WORK, POWER AND ENERGY

Work, Power and Energy

Work

Work is said to be done when a force causes a displacement to a body on which it acts.
Work is a scalar quantity. It is the dot product of applied force F and displacement d.

Diagram Coming Soon
W = F . d
W = F d cos θ .............................. (1)
Where θ is the angle between F and d.
Equation (1) can be written as
W = (F cos θ) d
i.e., work done is the product of the component of force (F cos θ) in the direction of displacement and the magnitude of displacement d.
equation (1) can also be written as
W = F (d cos θ)
i.e., work done is the product of magnitude of force F and the component of the displacement (d cos θ) in the direction of force.

Unit of Work
M.K.S system → Joule, BTU, eV
C.G.S system → Erg
F.P.S system → Foot Pound
1 BTU = 1055 joule
1 eV = 1.60 x 10(-19)

Important Cases
Work can be positive or negative depending upon the angle θ between F and d.

Case I
When θ = 0º i.e., when F and d have same direction.
W = F . d
W = F d cos 0º .............. {since θ = 0º}
W = F d .......................... {since cos 0º = 1}
Work is positive in this case.

Case II
When θ = 180º i.e., when F and d have opposite direction.

W = F . d
W = F d cos 180º ............................ {since θ = 180º}
W = - F d ......................................... {since cos 180º = -1}
Work is negative in this case

Case III
When θ = 90º i.e, when F and d are mutually perpendicular.
W = F . d
W = F d cos 90º ............................ {since θ = 90º}
W = 0 ........................................... {since cos 90º = 0}

Work Done Against Gravitational Force
Consider a body of mass 'm' placed initially at a height h(i), from the surface of the earth. We displaces it to a height h(f) from the surface of the earth. Here work is done on the body of mass 'm' by displacing it to a height 'h' against the gravitational force.
W = F . d = F d cos θ
Here,
F = W = m g
d = h(r) - h(i) = h
θ = 180º
{since mg and h are in opposite direction}
Since,
W = m g h cos 180º
W = m g h (-1)
W = - m g h
Since this work is done against gravitational force, therefore, it is stored in the body as its potential energy (F.E)
Therefore,
P . E = m g h

Power

Power is defined as the rate of doing work.
If work ΔW is done in time Δt by a body, then its average power is given by P(av) = ΔW / Δt
Power of an agency at a certain instant is called instantaneous power.
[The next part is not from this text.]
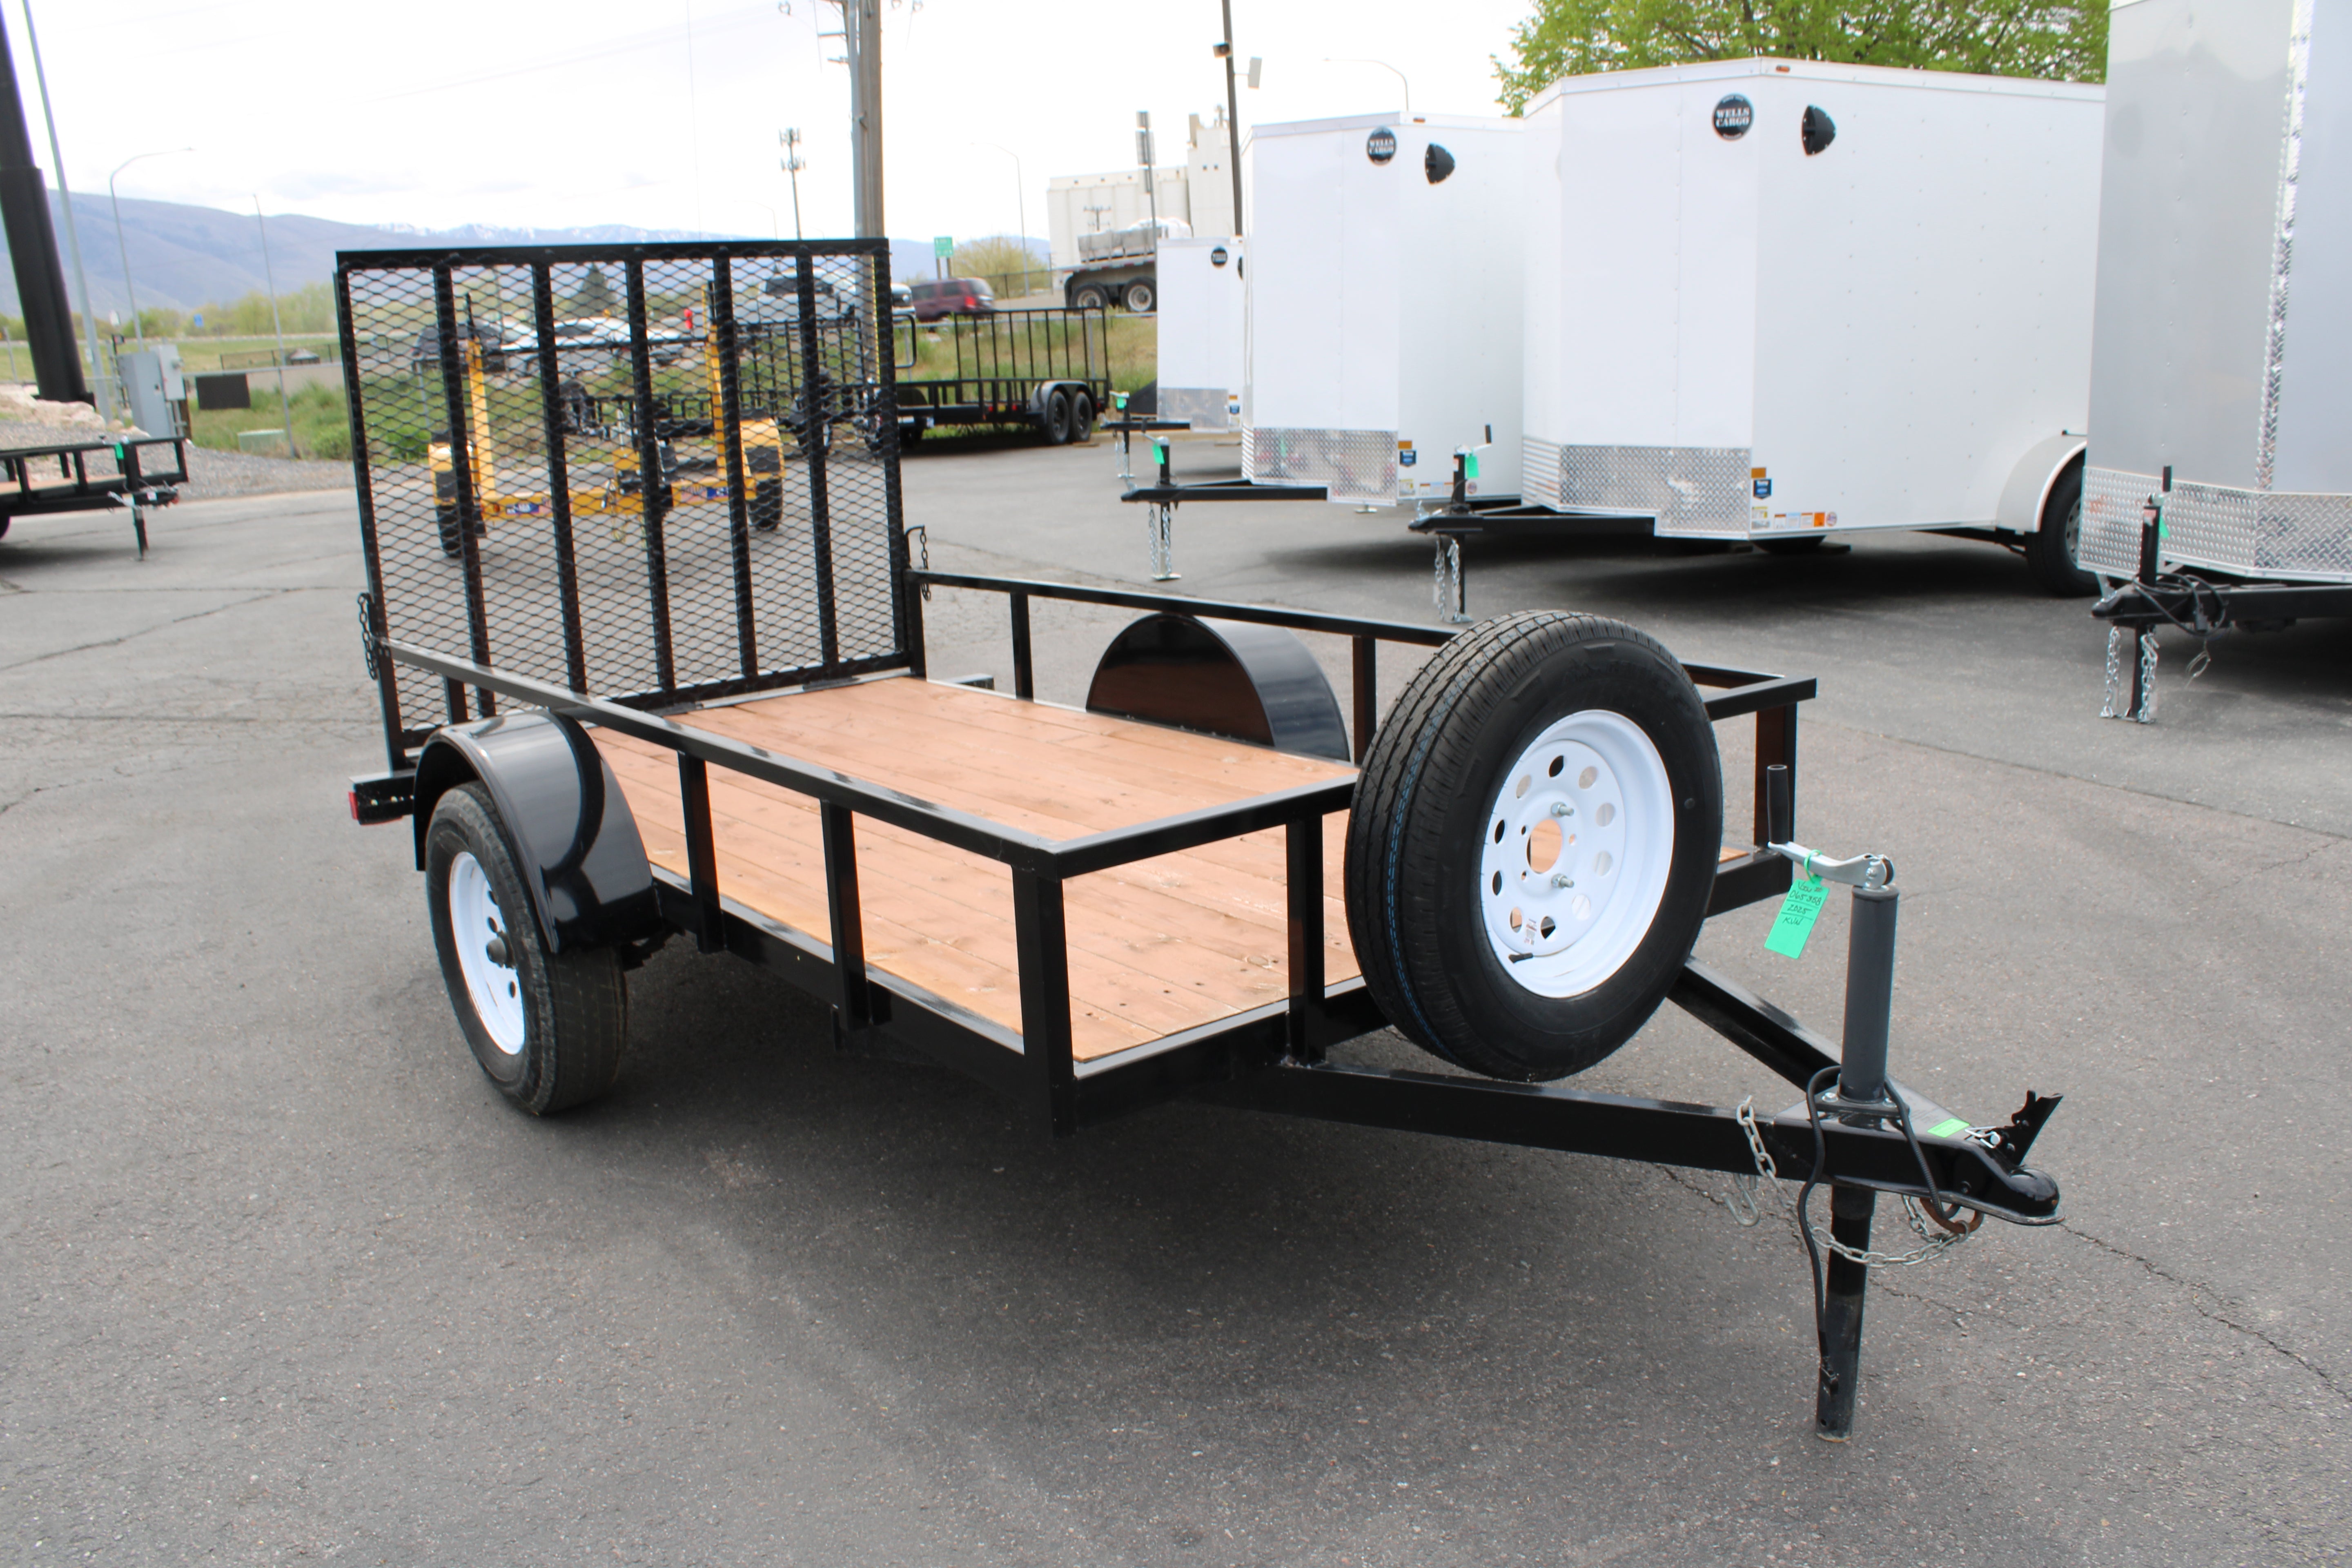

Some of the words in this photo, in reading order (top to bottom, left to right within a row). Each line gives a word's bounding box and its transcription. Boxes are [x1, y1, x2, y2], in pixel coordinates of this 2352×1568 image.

[1716, 106, 1750, 119] WELLS
[1715, 116, 1750, 128] CARGO
[1787, 904, 1813, 914] 2025
Relation Between Power and Velocity
Suppose a constant force F moves a body through a displacement Δd in time Δt, then
P = ΔW / Δt
P = F . Δd / Δt ..................... {since ΔW = F.Δd}
P = F . Δd / Δt
P = F . V ................................. {since Δd / Δt = V}
Thus power is the dot product of force and velocity.

Units of Power
The unit of power in S.I system is watt.
P = ΔW / Δt = joule / sec = watt
1 watt is defined as the power of an agency which does work at the rate of 1 joule per second.
Bigger Units → Mwatt = 10(6) watt
Gwatt = 10(9) watt
Kilowatt = 10(3) watt
In B.E.S system, the unit of power is horse-power (hp).
1 hp = 550 ft-lb/sec = 746 watt

Energy

The ability of a body to perform work is called its energy. The unit of energy in S.I system is joule.

Kinetic Energy
The energy possessed by a body by virtue of its motion is called it kinetic energy.
K.E = 1/2 mv2
m = mass,
v = velocity

Prove K.E = 1/2 mv2

Proof
Kinetic energy of a moving body is measured by the amount of work that a moving body can do against an unbalanced force before coming to rest.
Consider a body of mas 'm' thrown upward in the gravitational field with velocity v. It comes to rest after attaining height 'h'. We are interested in finding 'h'.
Therefore, we use
2 a S = vf2 - vi2 ............................ (1)
Here a = -g
S = h = ?
vi = v (magnitude of v)
vf = 0
Therefore,
(1) => 2(-g) = (0)2 - (v)2
-2 g h = -v2
2 g h = v2
h = v2/2g
Therefore, Work done by the body due to its motion = F . d
= F d cos θ
Here
F = m g
d = h = v2 / 2g
θ = 0º
Therefore, Work done by the body due to its motion = (mg) (v2/2g) cos0º
= mg x v2 / 2g
= 1/2 m v2
And we know that this work done by the body due to its motion.
Therefore,
K.E = 1/2 m v2

Potential Energy
When a body is moved against a field of force, the energy stored in it is called its potential energy.
If a body of mass 'm' is lifted to a height 'h' by applying a force equal to its weight then its potential energy is given by
P.E = m g h
Potential energy is possessed by
1. A spring when it is compressed
2. A charge when it is moved against electrostatic force.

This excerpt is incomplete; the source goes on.